What the task asks: In your output, repeat each entry exactly and include no pictures.

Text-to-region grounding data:
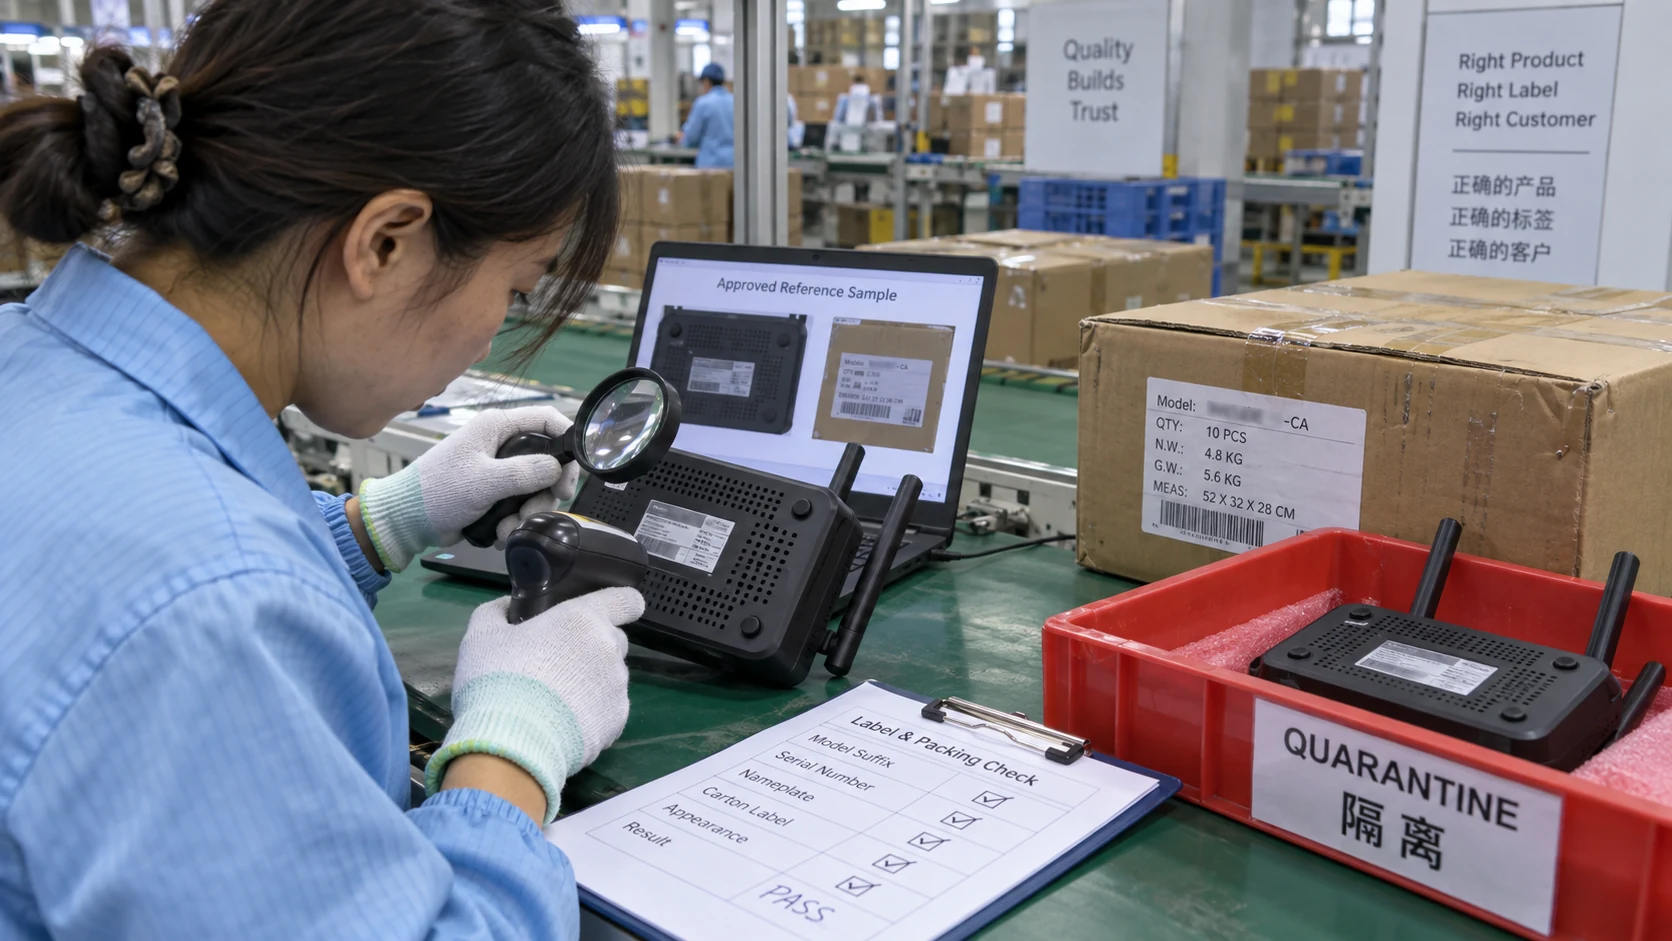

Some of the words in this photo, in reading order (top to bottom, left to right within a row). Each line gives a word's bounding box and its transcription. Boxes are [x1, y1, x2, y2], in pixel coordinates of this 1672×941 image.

[1063, 37, 1133, 64] Quality
[1459, 53, 1505, 73] Right
[1511, 50, 1584, 69] Product
[1068, 70, 1124, 92] Builds
[1457, 82, 1504, 102] Right
[1509, 80, 1558, 99] Label
[1071, 101, 1120, 122] Trust
[1455, 111, 1501, 131] Right
[1506, 110, 1597, 128] Customer
[1452, 175, 1556, 198] 正确的产品
[1449, 207, 1554, 231] 正确的标签
[1448, 239, 1552, 263] 正确的客户
[717, 277, 776, 294] Approved
[780, 281, 844, 298] Reference
[848, 286, 897, 303] Sample
[1157, 395, 1196, 412] Model:
[1284, 416, 1309, 431] -CA
[1156, 417, 1183, 432] QTY:
[1206, 426, 1220, 439] 10
[1224, 429, 1247, 444] PCS
[1155, 439, 1183, 454] N.W.:
[1205, 448, 1222, 461] 4.8
[1226, 451, 1242, 465] KG
[1155, 460, 1183, 476] G.W.:
[1204, 469, 1221, 482] 5.6
[1225, 473, 1241, 487] KG
[1153, 480, 1187, 498] MEAS:
[1203, 491, 1216, 503] 52
[1219, 494, 1227, 505] X
[1230, 496, 1243, 508] 32
[1247, 500, 1254, 511] X
[1257, 501, 1271, 514] 28
[1276, 505, 1295, 519] CM
[808, 734, 854, 756] Model
[854, 748, 895, 769] Suffix
[850, 716, 899, 738] Label
[898, 732, 913, 742] &
[914, 736, 982, 768] Packing
[984, 759, 1040, 787] Check
[775, 750, 816, 770] Serial
[816, 765, 874, 792] Number
[1284, 727, 1520, 831] QUARANTINE
[739, 768, 815, 804] Nameplate
[702, 786, 751, 810] Carton
[748, 805, 794, 827] Label
[622, 820, 672, 848] Result
[662, 802, 749, 845] Appearance
[1341, 792, 1445, 871] 隔离
[759, 884, 835, 924] PASS
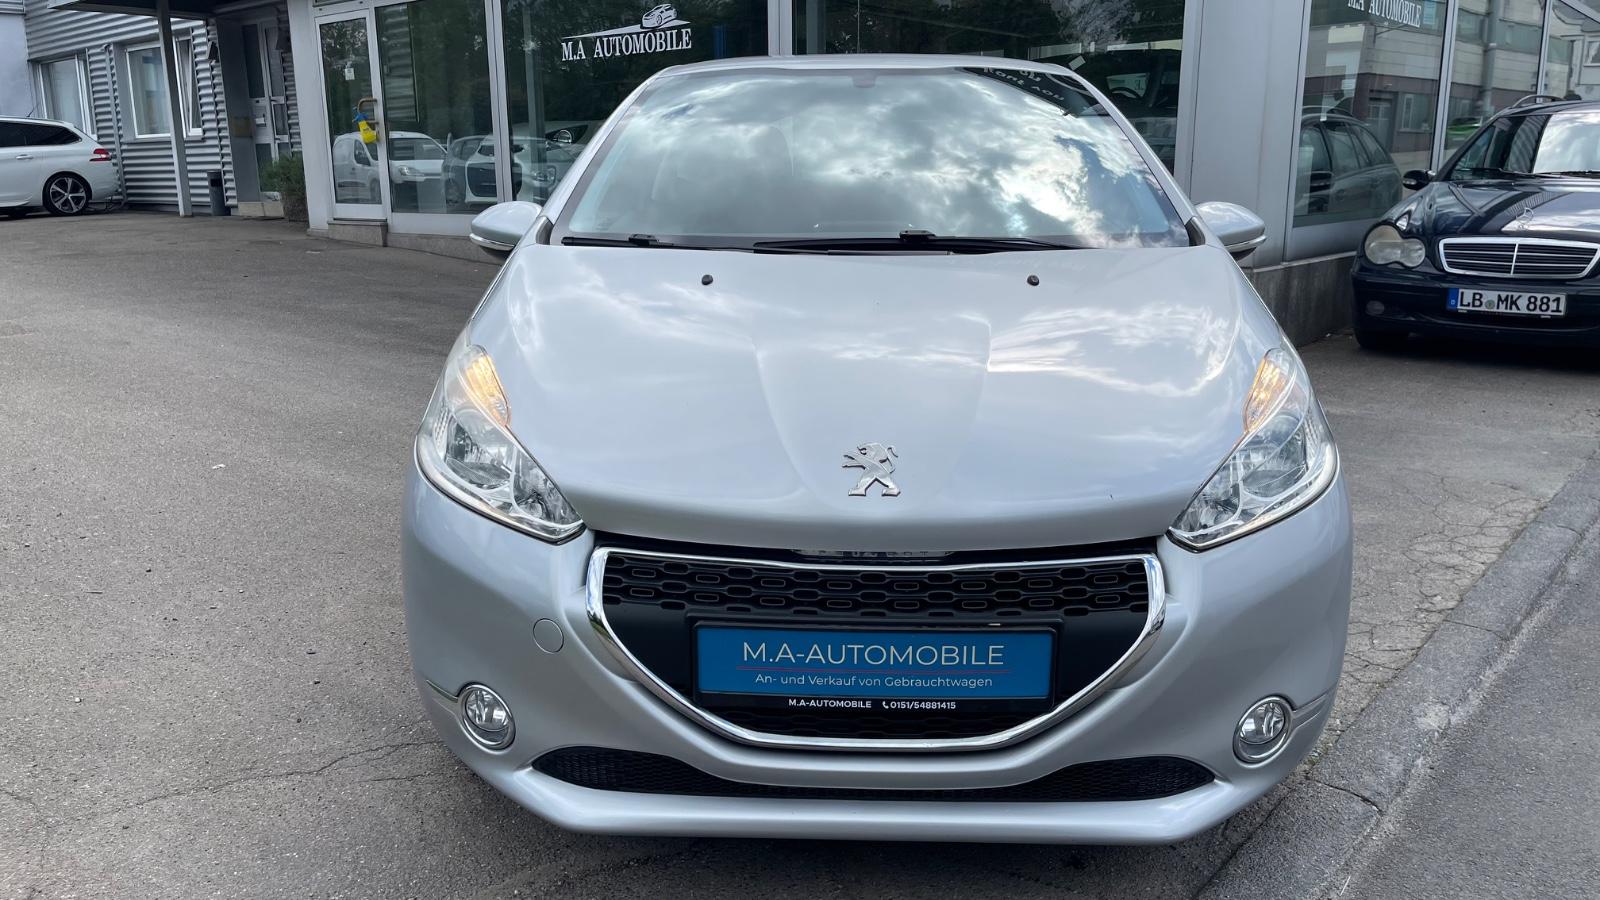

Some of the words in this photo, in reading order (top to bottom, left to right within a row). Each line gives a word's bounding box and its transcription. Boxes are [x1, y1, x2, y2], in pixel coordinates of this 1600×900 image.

[561, 40, 586, 61] M.A
[594, 28, 692, 58] AUTOMOBILE
[1459, 291, 1483, 308] LB
[1496, 294, 1522, 311] MK
[1526, 295, 1562, 313] 881
[743, 641, 1005, 666] M.A-AUTOMOBILE
[755, 673, 777, 684] An-
[781, 674, 805, 685] und
[808, 675, 856, 686] Verkauf
[858, 678, 881, 687] von
[884, 676, 993, 689] Gebrauchtwagen
[788, 698, 872, 709] M.A-AUTOMOBILE
[890, 700, 957, 710] 0151/54881415

Solution below:
Some of the words in this photo, in reading order (top to bottom, left to right within a row). Each line gives a word's bounding box and its transcription. Boxes are [x1, y1, x2, y2], in pixel coordinates of this 1672×941 image.

[1063, 37, 1133, 64] Quality
[1459, 53, 1505, 73] Right
[1511, 50, 1584, 69] Product
[1068, 70, 1124, 92] Builds
[1457, 82, 1504, 102] Right
[1509, 80, 1558, 99] Label
[1071, 101, 1120, 122] Trust
[1455, 111, 1501, 131] Right
[1506, 110, 1597, 128] Customer
[1452, 175, 1556, 198] 正确的产品
[1449, 207, 1554, 231] 正确的标签
[1448, 239, 1552, 263] 正确的客户
[717, 277, 776, 294] Approved
[780, 281, 844, 298] Reference
[848, 286, 897, 303] Sample
[1157, 395, 1196, 412] Model:
[1284, 416, 1309, 431] -CA
[1156, 417, 1183, 432] QTY:
[1206, 426, 1220, 439] 10
[1224, 429, 1247, 444] PCS
[1155, 439, 1183, 454] N.W.:
[1205, 448, 1222, 461] 4.8
[1226, 451, 1242, 465] KG
[1155, 460, 1183, 476] G.W.:
[1204, 469, 1221, 482] 5.6
[1225, 473, 1241, 487] KG
[1153, 480, 1187, 498] MEAS:
[1203, 491, 1216, 503] 52
[1219, 494, 1227, 505] X
[1230, 496, 1243, 508] 32
[1247, 500, 1254, 511] X
[1257, 501, 1271, 514] 28
[1276, 505, 1295, 519] CM
[808, 734, 854, 756] Model
[854, 748, 895, 769] Suffix
[850, 716, 899, 738] Label
[898, 732, 913, 742] &
[914, 736, 982, 768] Packing
[984, 759, 1040, 787] Check
[775, 750, 816, 770] Serial
[816, 765, 874, 792] Number
[1284, 727, 1520, 831] QUARANTINE
[739, 768, 815, 804] Nameplate
[702, 786, 751, 810] Carton
[748, 805, 794, 827] Label
[622, 820, 672, 848] Result
[662, 802, 749, 845] Appearance
[1341, 792, 1445, 871] 隔离
[759, 884, 835, 924] PASS

Some of the words in this photo, in reading order (top to bottom, left to right within a row). Each line gives a word's bounding box and its transcription. Boxes are [x1, y1, x2, y2], in pixel coordinates of this 1600×900 image.

[561, 40, 586, 61] M.A
[594, 28, 692, 58] AUTOMOBILE
[1459, 291, 1483, 308] LB
[1496, 294, 1522, 311] MK
[1526, 295, 1562, 313] 881
[743, 641, 1005, 666] M.A-AUTOMOBILE
[755, 673, 777, 684] An-
[781, 674, 805, 685] und
[808, 675, 856, 686] Verkauf
[858, 678, 881, 687] von
[884, 676, 993, 689] Gebrauchtwagen
[788, 698, 872, 709] M.A-AUTOMOBILE
[890, 700, 957, 710] 0151/54881415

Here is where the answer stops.